(Data for this task)

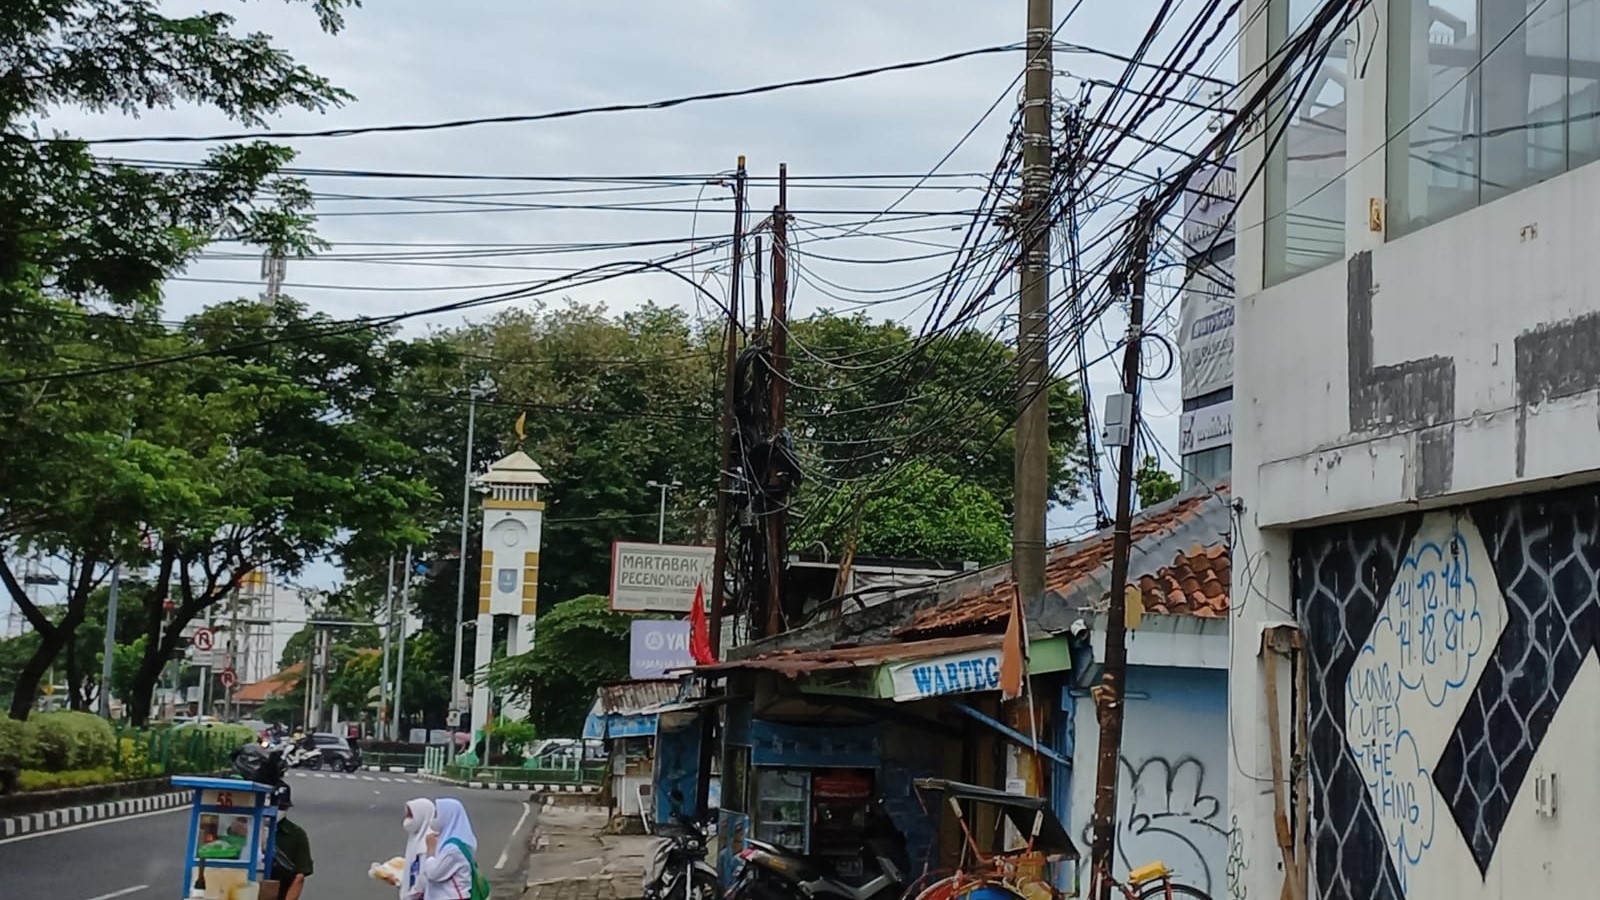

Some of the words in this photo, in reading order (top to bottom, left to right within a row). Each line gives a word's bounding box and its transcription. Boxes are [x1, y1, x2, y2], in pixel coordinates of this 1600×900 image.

[622, 555, 698, 571] MARTABAK
[621, 571, 699, 587] PECENONGAN
[666, 633, 690, 651] YA
[911, 656, 1000, 694] WARTEG

(End Data for this task)

Activity –
Copy out all the data without changing anything, and drop the pictures.

Reply to the exercise –
Some of the words in this photo, in reading order (top to bottom, left to right within a row). Each line gives a word's bounding box and its transcription. Boxes are [x1, y1, x2, y2], in pixel coordinates of this 1600×900 image.

[622, 555, 698, 571] MARTABAK
[621, 571, 699, 587] PECENONGAN
[666, 633, 690, 651] YA
[911, 656, 1000, 694] WARTEG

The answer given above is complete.